- Exercise requirements -
Repeat the entries without change, omitting the pictures.

*** Source data ***

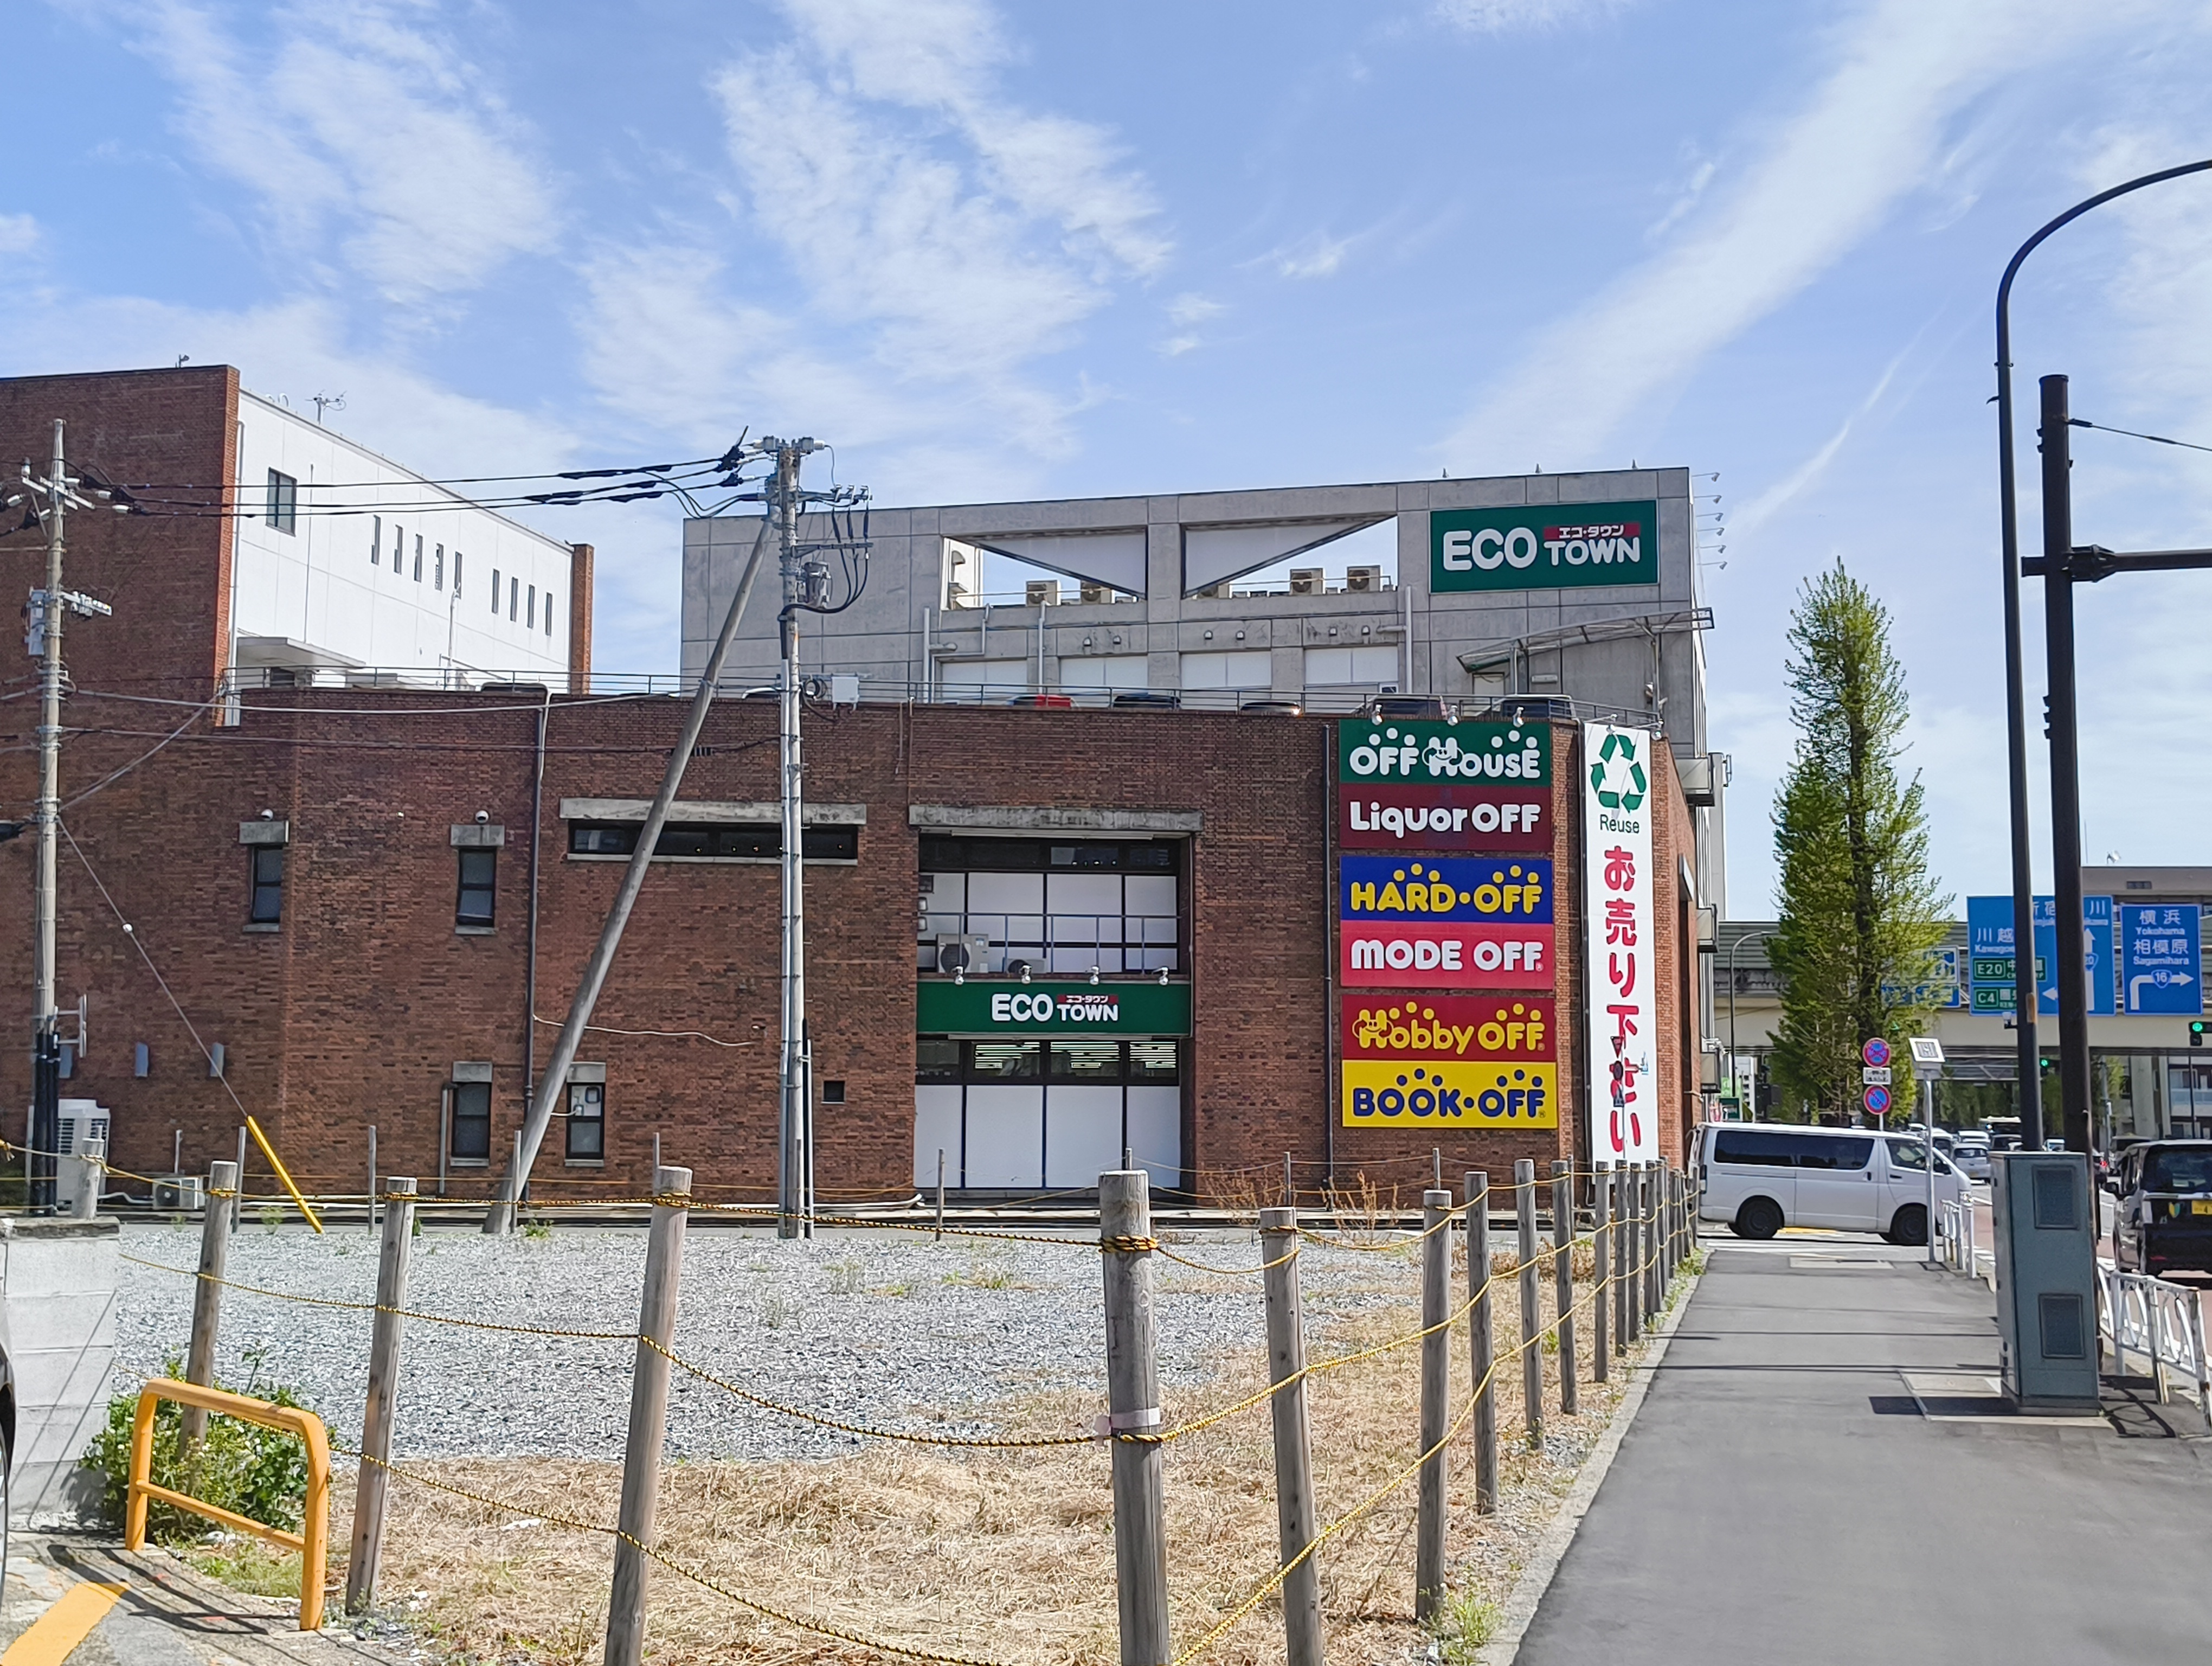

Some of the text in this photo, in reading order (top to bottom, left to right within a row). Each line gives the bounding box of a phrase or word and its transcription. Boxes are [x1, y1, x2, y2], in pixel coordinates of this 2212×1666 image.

[1559, 524, 1624, 538] エコ・タウン
[1443, 527, 1641, 571] ECO TOWN
[1349, 746, 1419, 776] OFF
[1349, 801, 1541, 838] Liquor OFF
[1600, 814, 1640, 834] Reuse
[2139, 909, 2181, 925] 横浜
[2134, 927, 2185, 935] Yokohama
[1351, 939, 1544, 971] MODE OFF
[2133, 939, 2189, 954] 相模原
[1977, 964, 2003, 975] E20
[2155, 972, 2168, 983] 16
[1978, 992, 1995, 1003] C4
[991, 994, 1118, 1022] ECO TOWN
[1356, 1009, 1545, 1055] Hobby OFF

*** End of Source data ***

- Answer to the exercise -
Some of the text in this photo, in reading order (top to bottom, left to right within a row). Each line gives the bounding box of a phrase or word and its transcription. Boxes are [x1, y1, x2, y2], in pixel coordinates of this 2212×1666 image.

[1559, 524, 1624, 538] エコ・タウン
[1443, 527, 1641, 571] ECO TOWN
[1349, 746, 1419, 776] OFF
[1349, 801, 1541, 838] Liquor OFF
[1600, 814, 1640, 834] Reuse
[2139, 909, 2181, 925] 横浜
[2134, 927, 2185, 935] Yokohama
[1351, 939, 1544, 971] MODE OFF
[2133, 939, 2189, 954] 相模原
[1977, 964, 2003, 975] E20
[2155, 972, 2168, 983] 16
[1978, 992, 1995, 1003] C4
[991, 994, 1118, 1022] ECO TOWN
[1356, 1009, 1545, 1055] Hobby OFF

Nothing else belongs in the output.